__Images for object localization__.

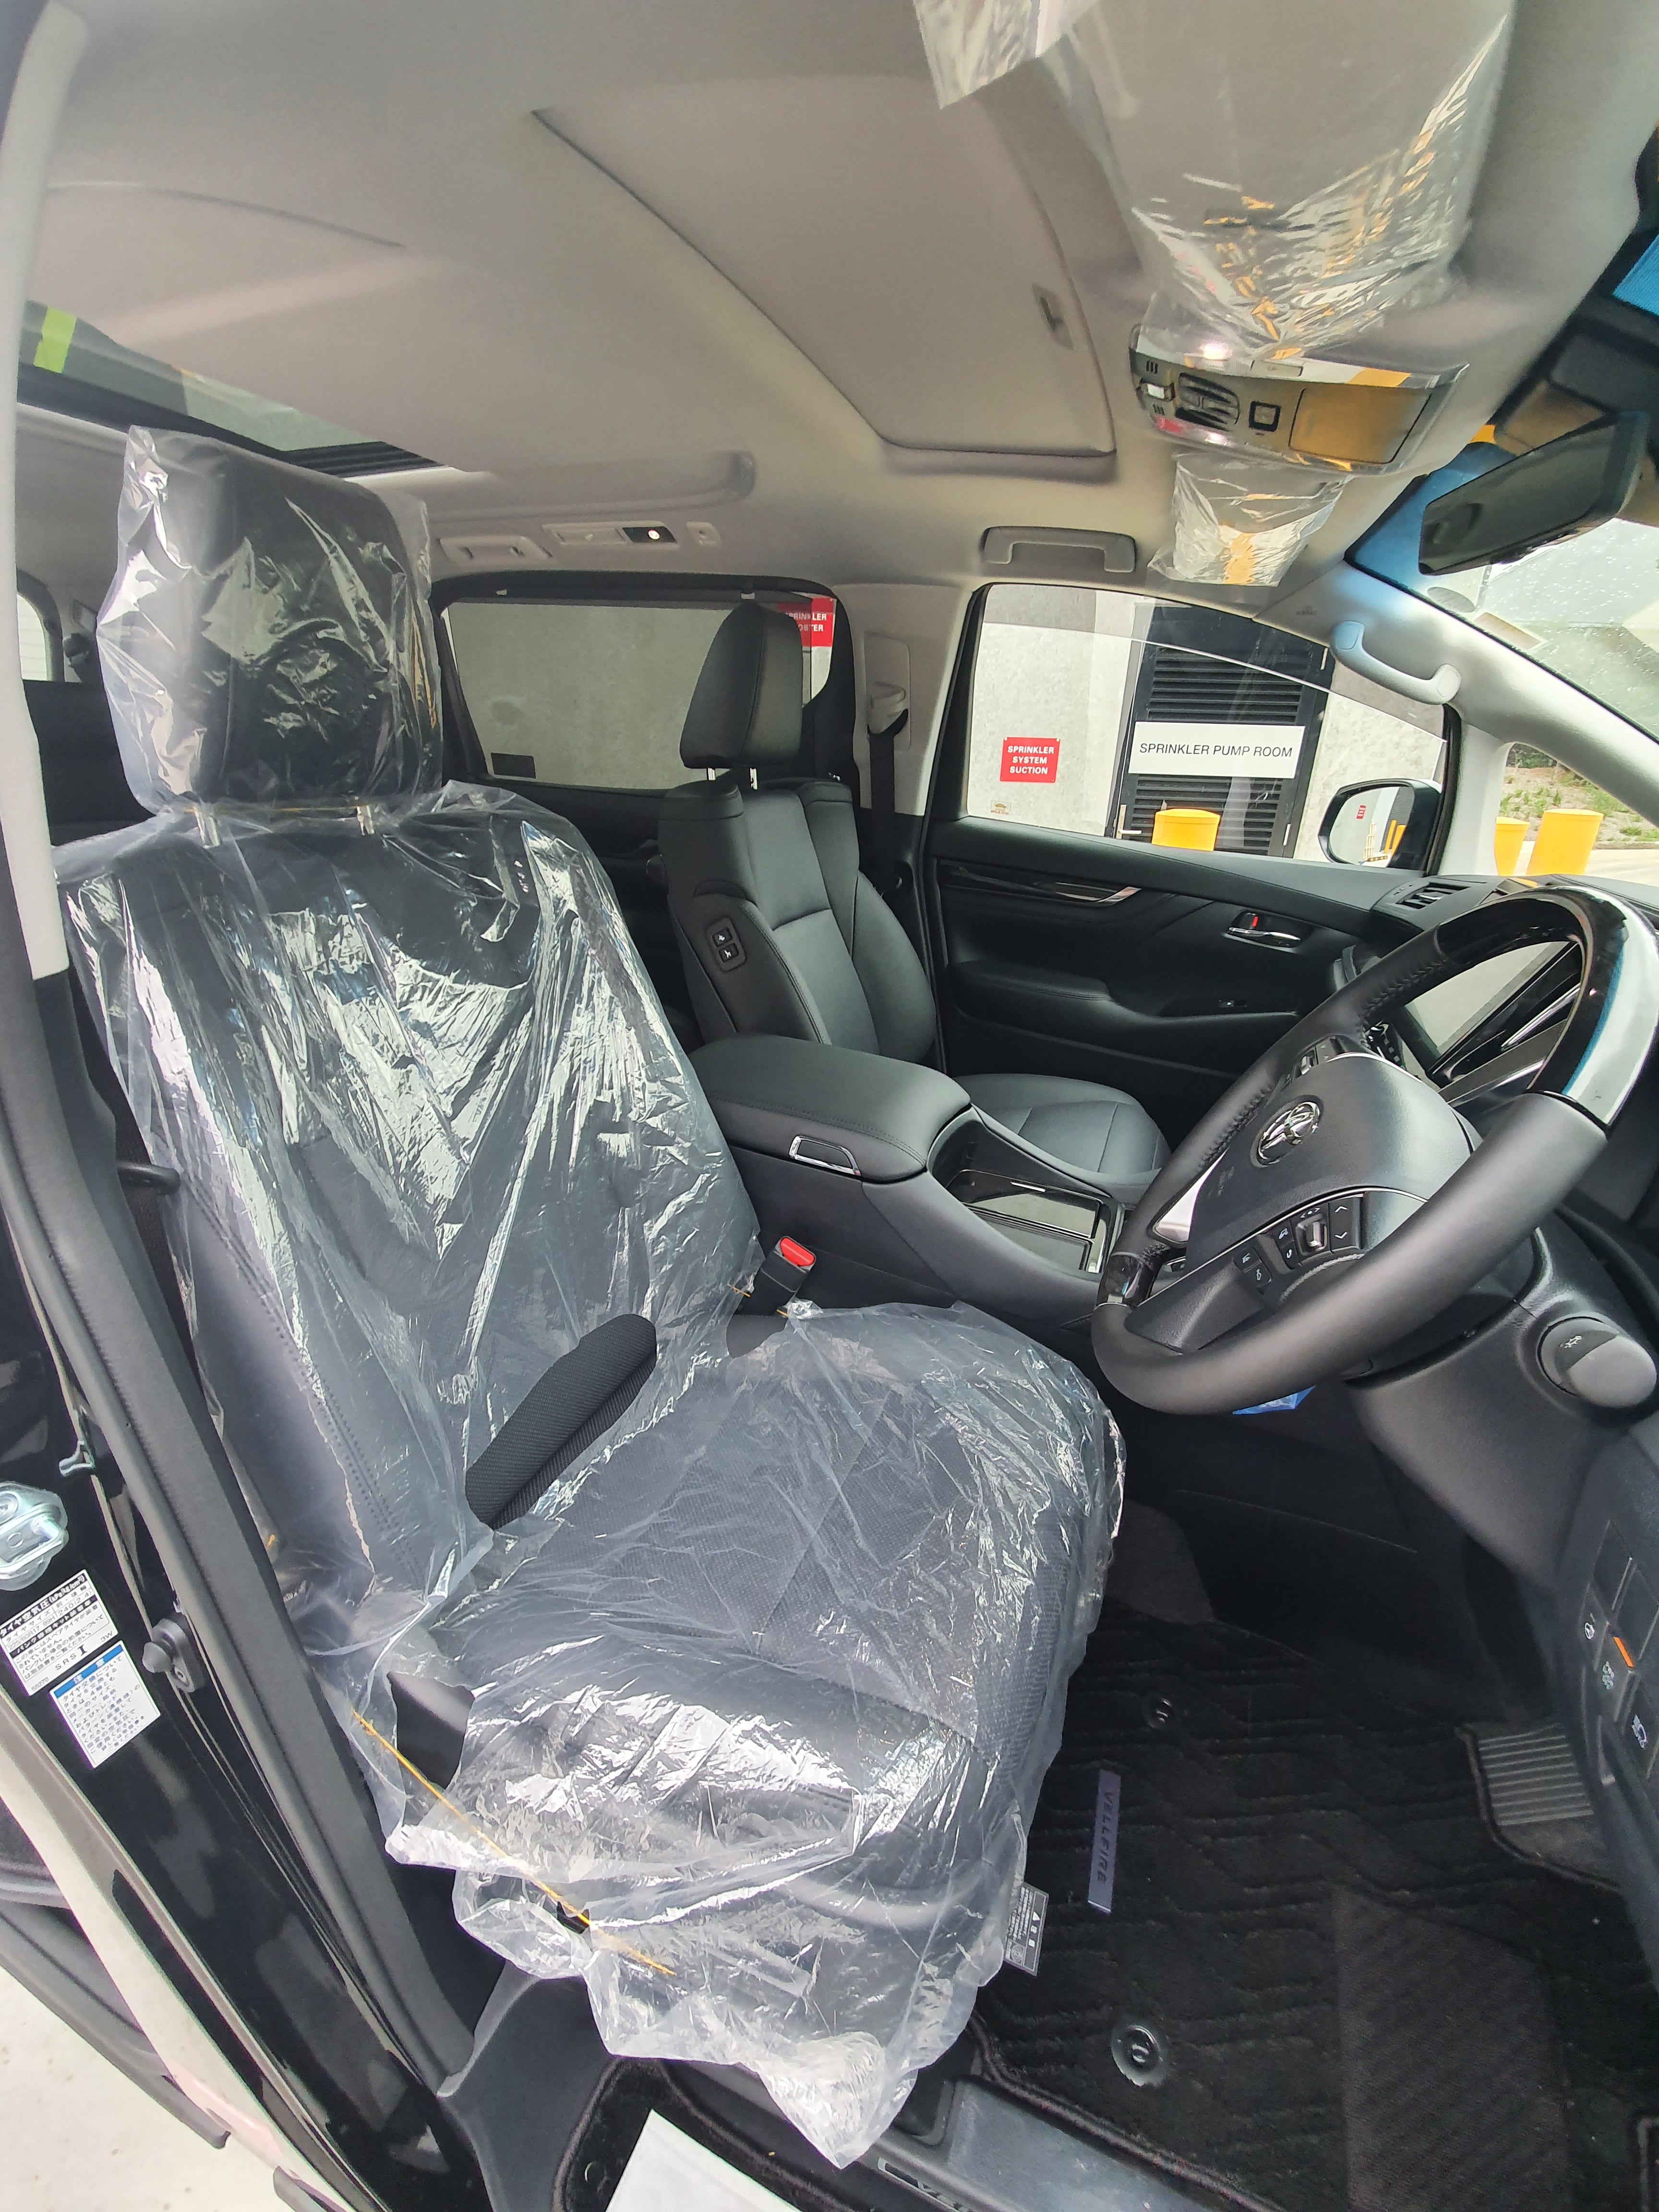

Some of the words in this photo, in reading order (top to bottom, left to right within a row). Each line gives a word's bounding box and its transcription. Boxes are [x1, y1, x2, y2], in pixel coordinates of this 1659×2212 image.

[1008, 745, 1055, 754] SPRINKLER
[1140, 743, 1209, 755] SPRINKLER
[1213, 745, 1250, 756] PUMP
[1253, 746, 1293, 757] ROOM
[1012, 756, 1047, 764] SYSTEM
[1010, 766, 1048, 774] SUCTION
[1097, 1792, 1113, 1883] VELLFIRE
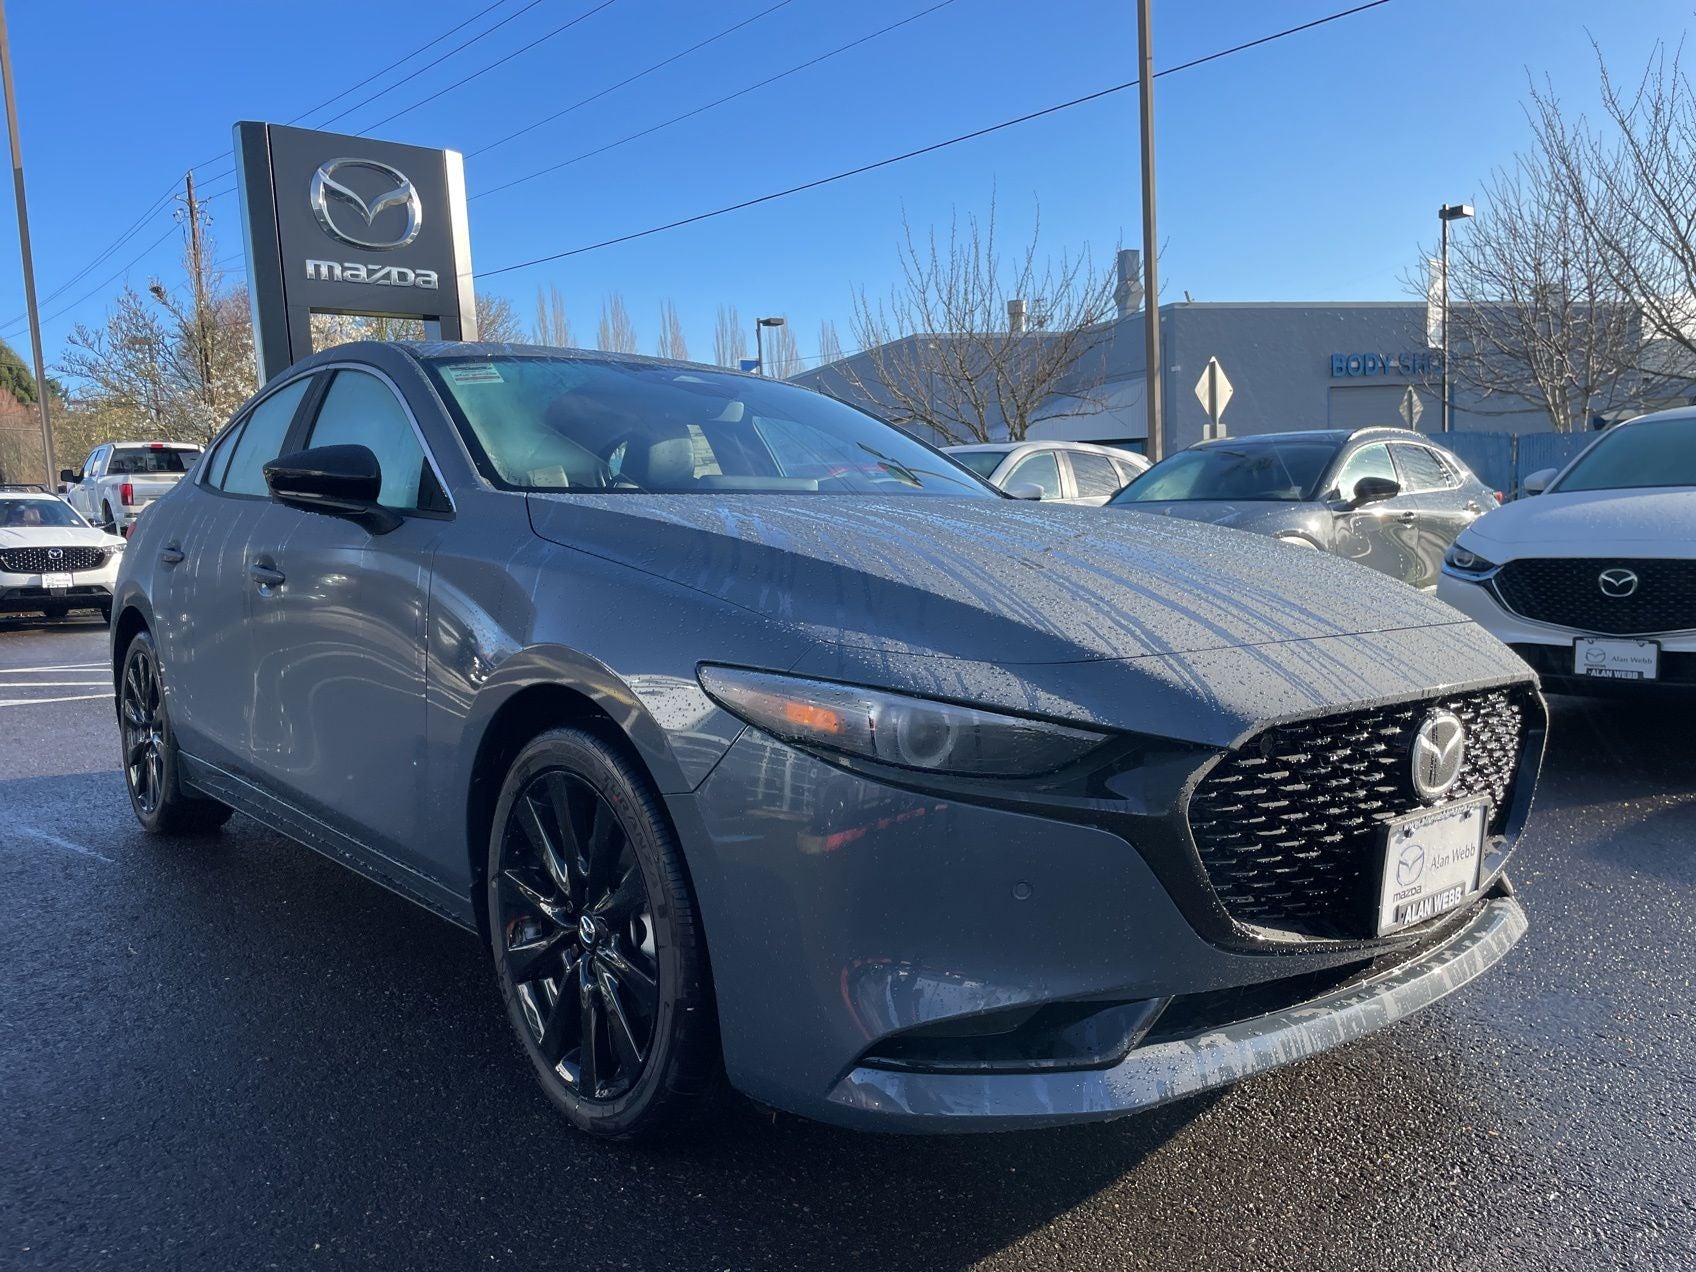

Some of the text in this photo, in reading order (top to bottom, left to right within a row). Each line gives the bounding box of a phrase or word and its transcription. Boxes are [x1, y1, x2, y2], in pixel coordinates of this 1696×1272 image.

[305, 259, 439, 290] mazda
[1331, 352, 1457, 377] BODY SHO
[1590, 669, 1639, 679] ALAN WEBB
[1430, 842, 1476, 870] Alan Webb
[1393, 885, 1422, 903] mazda
[1402, 886, 1462, 925] ALAN WEBB
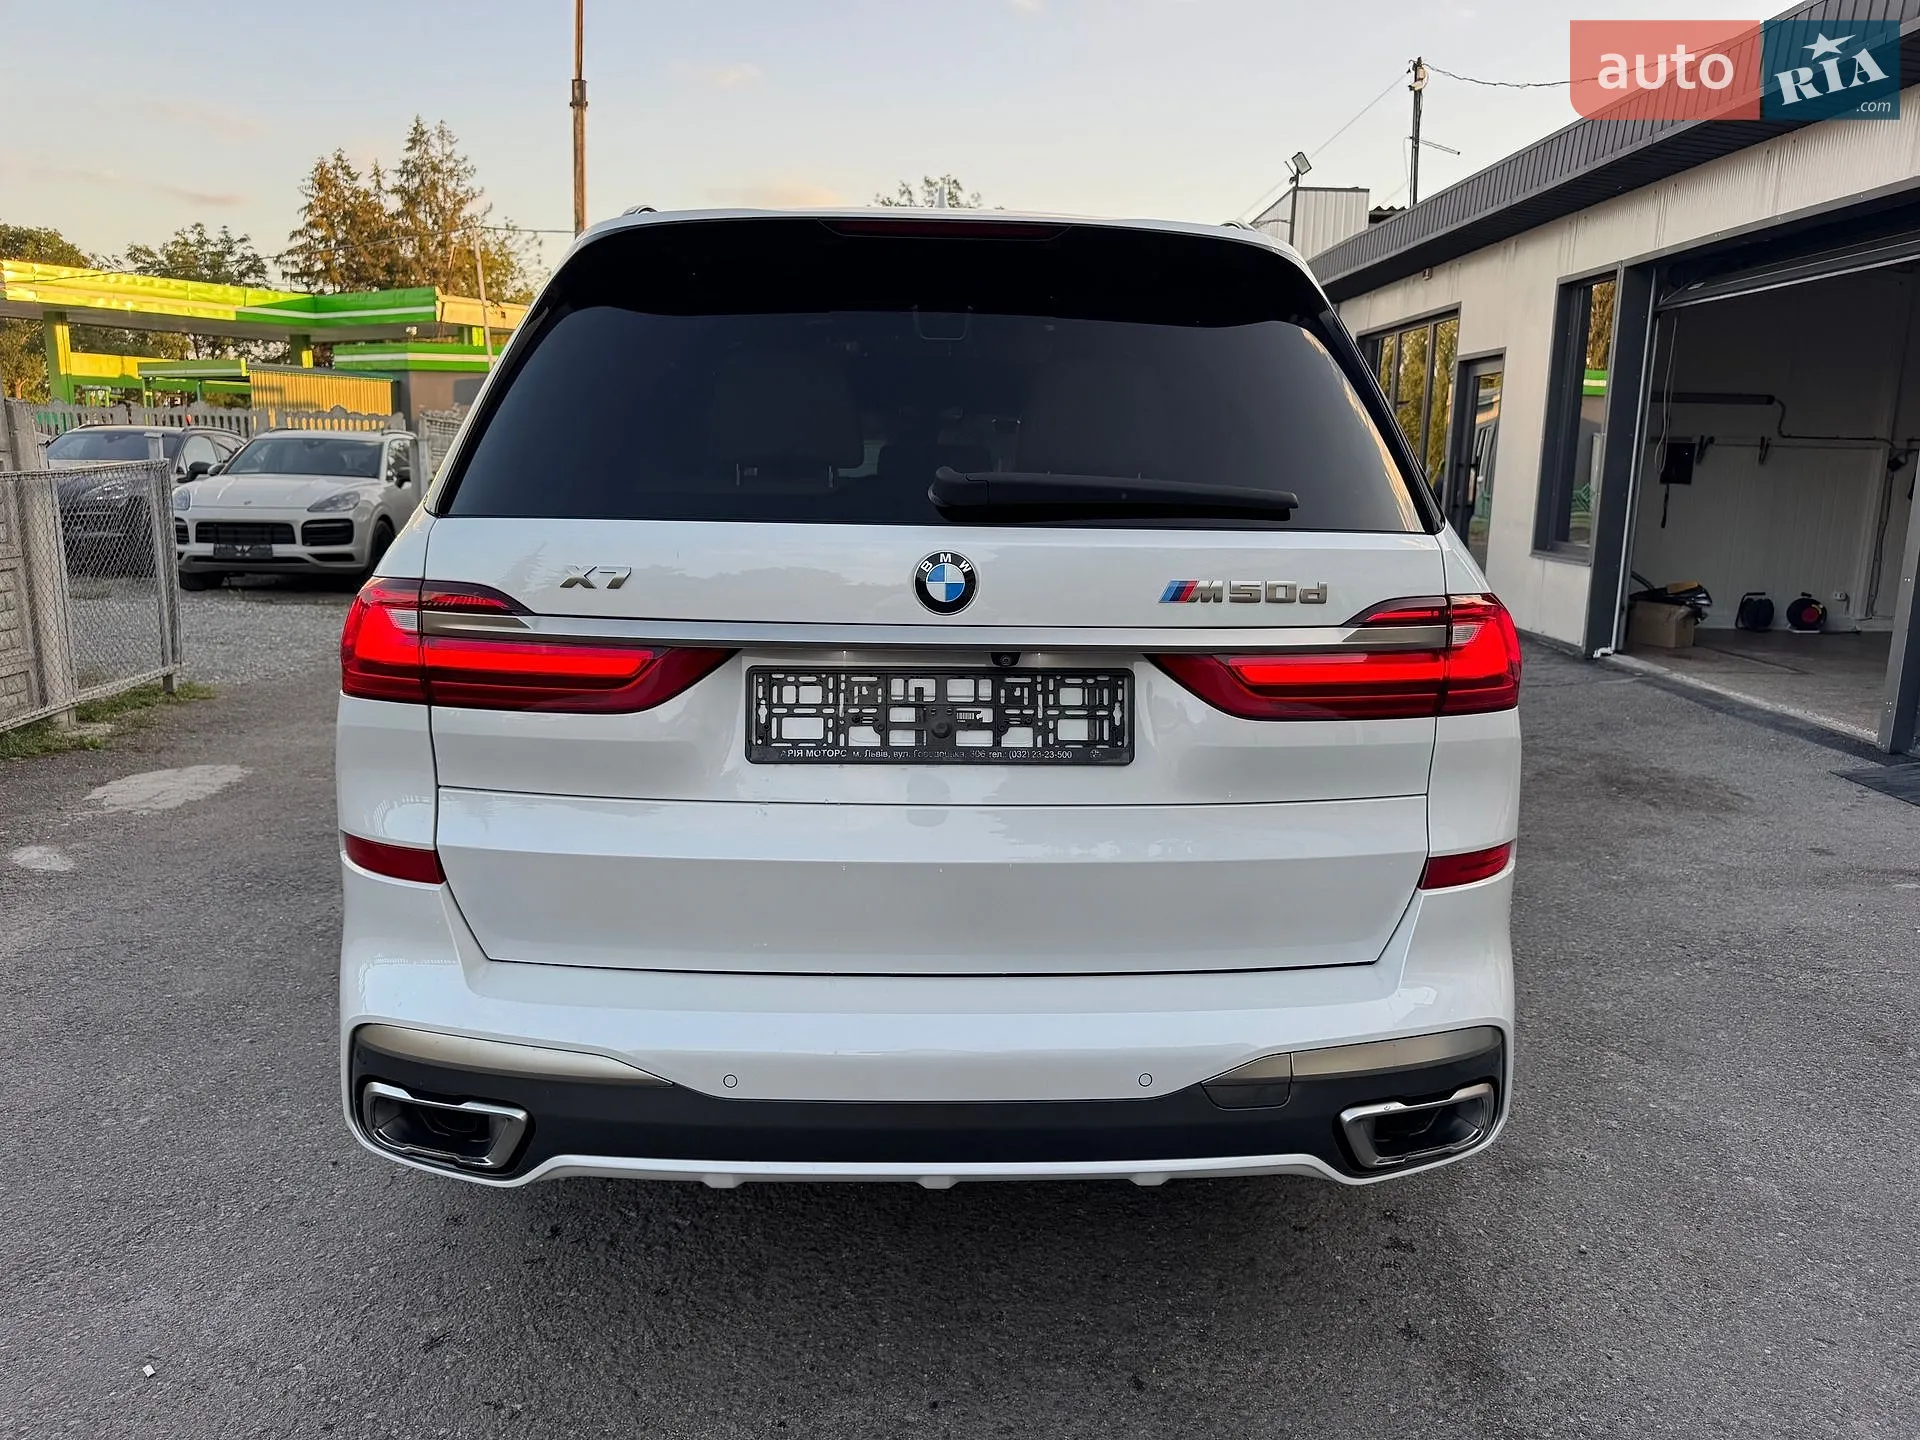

__Aim of the task__.
All entries are to be duplicated exactly, with the pictures left out.

__Solution for this exercise__.
Some of the words in this photo, in reading order (top to bottom, left to right within a row). Each line gives a word's bounding box and its transcription. Boxes are [x1, y1, x2, y2], in pixel coordinates of this 1659×2212 image.

[1008, 745, 1055, 754] SPRINKLER
[1140, 743, 1209, 755] SPRINKLER
[1213, 745, 1250, 756] PUMP
[1253, 746, 1293, 757] ROOM
[1012, 756, 1047, 764] SYSTEM
[1010, 766, 1048, 774] SUCTION
[1097, 1792, 1113, 1883] VELLFIRE

Some of the text in this photo, in reading order (top to bottom, left to right within a row). Each line gives the bounding box of a phrase or word and its transcription. Boxes are [x1, y1, x2, y2], in pixel coordinates of this 1696×1272 image.

[305, 259, 439, 290] mazda
[1331, 352, 1457, 377] BODY SHO
[1590, 669, 1639, 679] ALAN WEBB
[1430, 842, 1476, 870] Alan Webb
[1393, 885, 1422, 903] mazda
[1402, 886, 1462, 925] ALAN WEBB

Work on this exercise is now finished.